Matt Cashore /

ND A-to-Z: Avery Sebastian

At one point last August, graduate transfer Avery Sebastian was challenging incumbent Elijah Shumate for a starting job. Now Sebastian hopes an unexpected sixth collegiate season yields dividends in South Bend.

Who’s the new guy?

That’s the likely response from casual Irish fans this fall when Notre Dame graduate student and former California Golden Bears safety Avery Sebastian makes his first play wearing the real blue and gold.

After transferring from Berkeley following graduation, Sebastian missed all but one half of Notre Dame’s 2015 season, breaking his foot against Texas in last year’s season opener. He likewise missed the same portion of his junior campaign (2013) by the Bay, tearing his Achilles tendon in the first half of the Bears opening win against Northwestern.

Throw in six missed games due to a quadriceps injury as an otherwise productive senior in 2014 and Sebastian has watched all but seven of the 37 football games played by his teammates over the last three seasons.

Notre Dame’s first “sixth-year” senior is the subject of today’s A-to-Z preview of the Irish roster.

No injuries.

That’s the first step for Sebastian, last year at this time a potential starting safety in Brian VanGorder’s defensive backfield, but today more of a hopeful piece of the defensive puzzle (pun intended).

Sebastian can best aid the Irish as the unit’s third safety, spelling strong safety starter Drue Tranquill and perhaps filling in when the latter moves to the Dime linebacker position in VanGorder’s preferred sub packages. Sebastian’s likely first step to meaningful contribution is as a presence on the Irish kick and punt coverage units.

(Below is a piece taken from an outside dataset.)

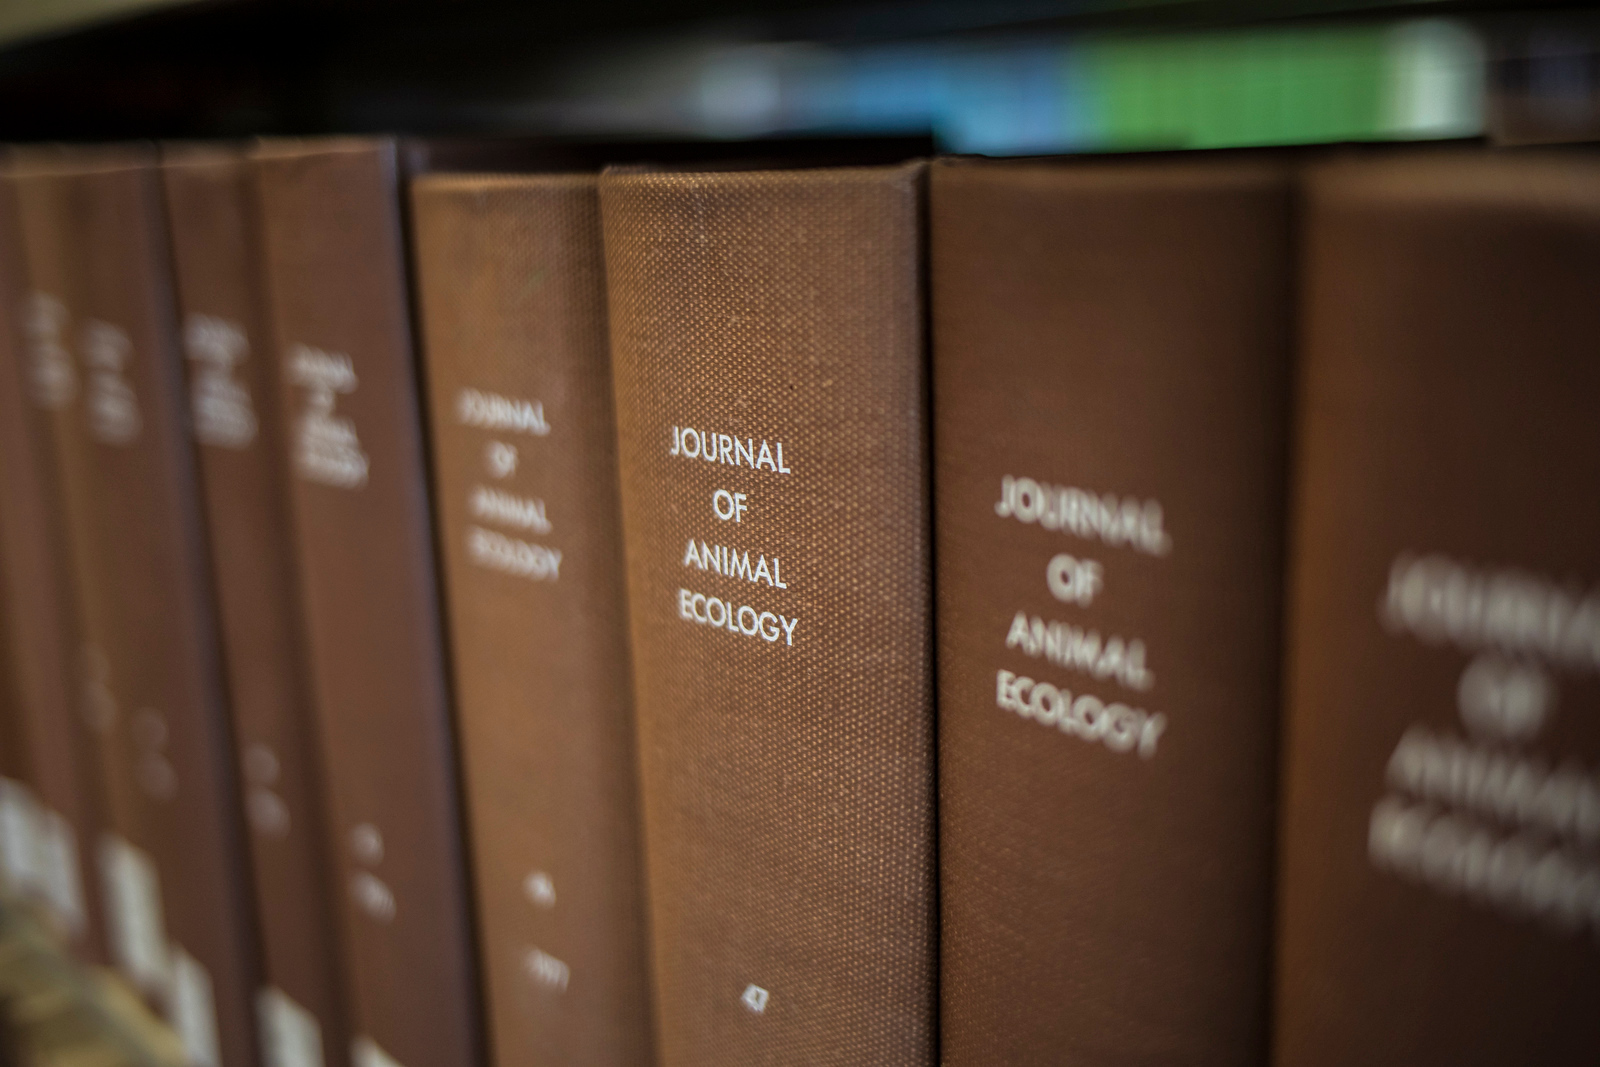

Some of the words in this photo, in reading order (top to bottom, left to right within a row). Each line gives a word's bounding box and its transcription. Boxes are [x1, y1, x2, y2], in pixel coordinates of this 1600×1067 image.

13 games of consistent contribution – that’s all that can realistically be asked of Sebastian’s injury ravaged wheels.

I think that’s clear.

But when he’s in relative health, Sebastian is adept at attacking the line of scrimmage, and he flashed that form during the 2016 Blue Gold Game last April.

Hope springs eternal…

Is there one? Not at Notre Dame, where the subject of a fifth year of school much less a sixth is still curiously treated as a Cloak and Dagger operation.

(For the sake of comparison, Michigan State has three sixth-year seniors returning for 2016 – convenient if they need to rent a car for younger teammates.)

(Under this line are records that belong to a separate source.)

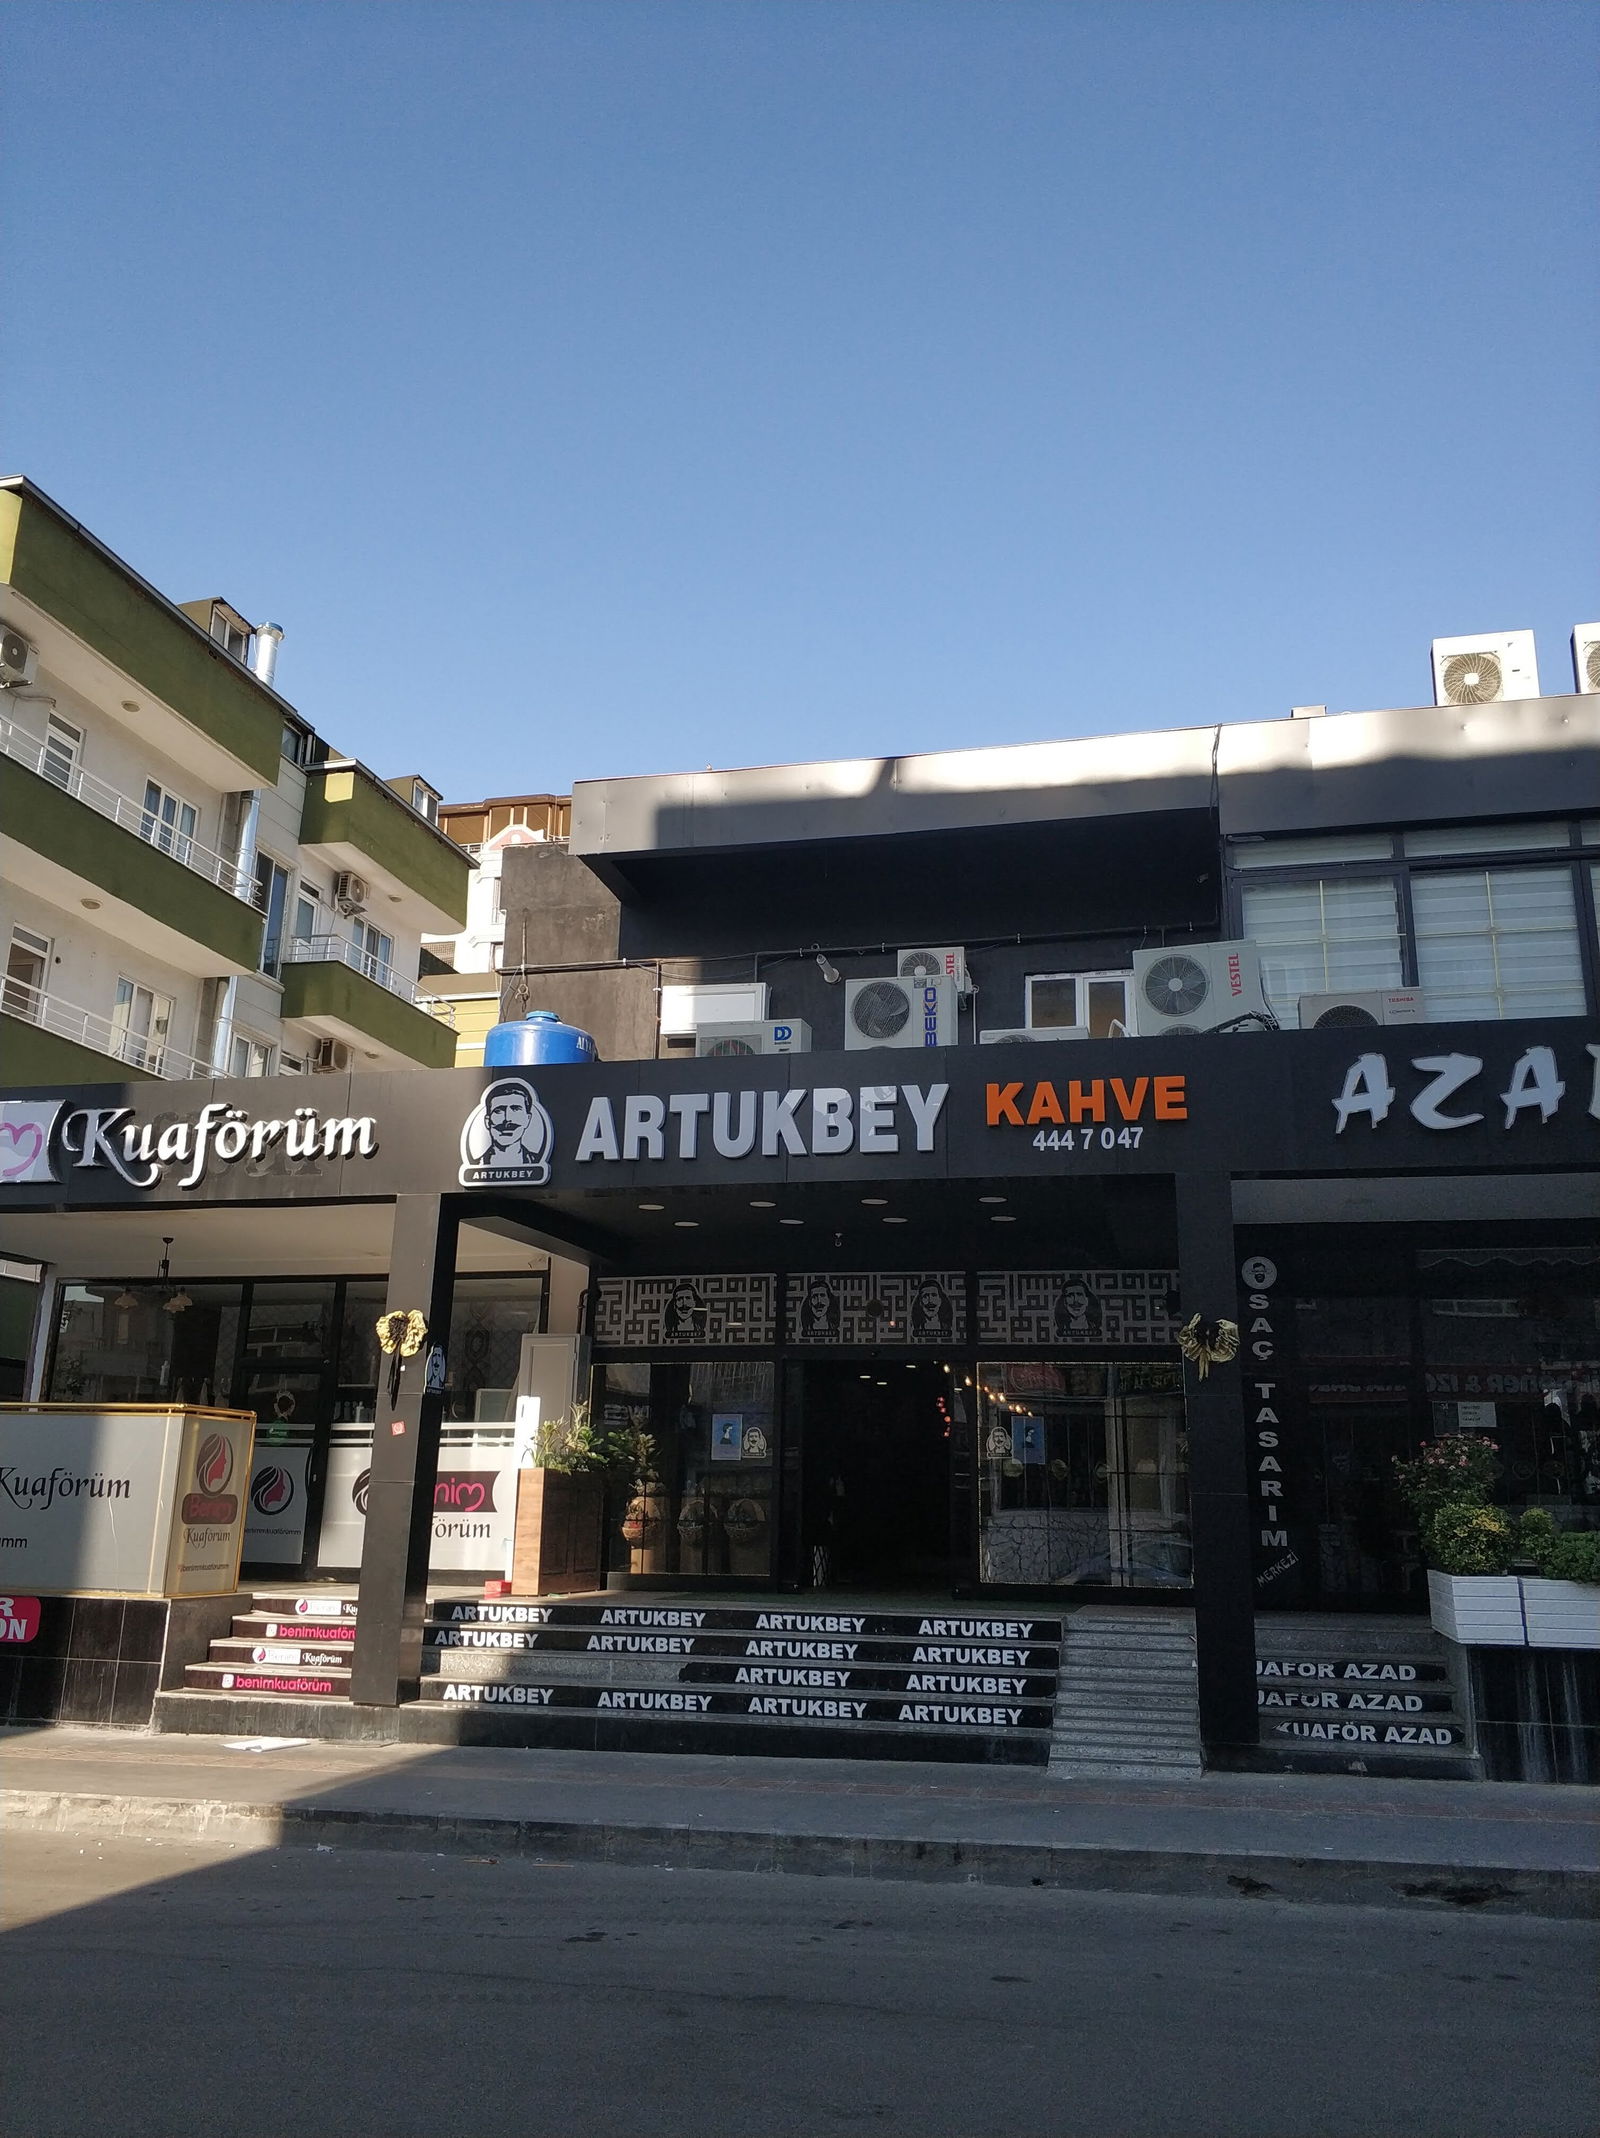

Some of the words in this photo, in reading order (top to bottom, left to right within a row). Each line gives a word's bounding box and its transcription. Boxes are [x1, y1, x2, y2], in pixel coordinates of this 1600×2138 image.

[1228, 953, 1242, 997] VESTEL
[924, 987, 937, 1047] BEKO
[575, 1083, 949, 1161] ARTUKBEY
[987, 1075, 1188, 1126] KAHVE
[63, 1102, 376, 1187] Kuaförüm
[1032, 1130, 1075, 1152] 444
[1080, 1129, 1094, 1150] 7
[1101, 1127, 1144, 1149] 047
[472, 1170, 533, 1180] ARTUKBEY
[1248, 1293, 1274, 1361] SAÇ
[1255, 1382, 1288, 1547] TASARIM
[432, 1515, 491, 1538] örüm
[451, 1606, 553, 1623] ARTUKBEY
[600, 1609, 705, 1627] ARTUKBEY
[756, 1614, 866, 1633] ARTUKBEY
[918, 1619, 1033, 1639] ARTUKBEY
[434, 1630, 539, 1648] ARTUKBEY
[587, 1635, 695, 1653] ARTUKBEY
[746, 1640, 859, 1660] ARTUKBEY
[912, 1646, 1030, 1666] ARTUKBEY
[236, 1675, 332, 1693] benimkuaförüm
[735, 1667, 850, 1687] ARTUKBEY
[906, 1674, 1027, 1695] ARTUKBEY
[1344, 1663, 1416, 1681] AZAD
[443, 1683, 554, 1704] ARTUKBEY
[597, 1691, 712, 1712] ARTUKBEY
[748, 1696, 868, 1719] ARTUKBEY
[899, 1704, 1022, 1725] ARTUKBEY
[1348, 1694, 1423, 1712] AZAD
[1384, 1726, 1451, 1745] AZAD

Perhaps Notre Dame graduate and soon-to-be sixth-year senior Chase Hounshell, now a member of the Ohio State Buckeyes would suffice? Hounshell missed all of the 2012 and 2013 seasons due to shoulder surgeries. He then peaked as a graduate student last season, contributing in all 13 games as a blocking tight end and will play his sixth and final season in Columbus.

Injury comparisons are inevitable regarding Sebastian, and as such, I’ll leave you with this:

One long-time Notre Dame scribe offered of prize recruit Alvin Miller, the inaugural (1982) Parade Magazine Player of the Year, “If he even looks at Astroturf, he tears his ACL.”

A similar reality apparently applies to Sebastian vis-à-vis college football season openers. But if Sebastian can stay on the field in ’16, the affable graduate student can conclude his playing career with a relevant Notre Dame program first: a sixth-year senior that made an impact.

Sebastian was the nation’s 68th ranked player per ESPN, No. 159 per, and was awarded three-star designation per

A veteran of six starts and 33 games played, Sebastian’s career has played out more in line with’s projections, though any incremental ascent he might have enjoyed was clearly stunted by injury.

The scrimmage-attacking safety notched 10 tackles with an interception against Northwestern – in the first half alone – before losing the rest of his 2013 season to the aforementioned Achilles injury. He likewise posted a 14-tackle evening against Arizona State in 2014, one that included nine unassisted stops during his final season for the Golden Bears.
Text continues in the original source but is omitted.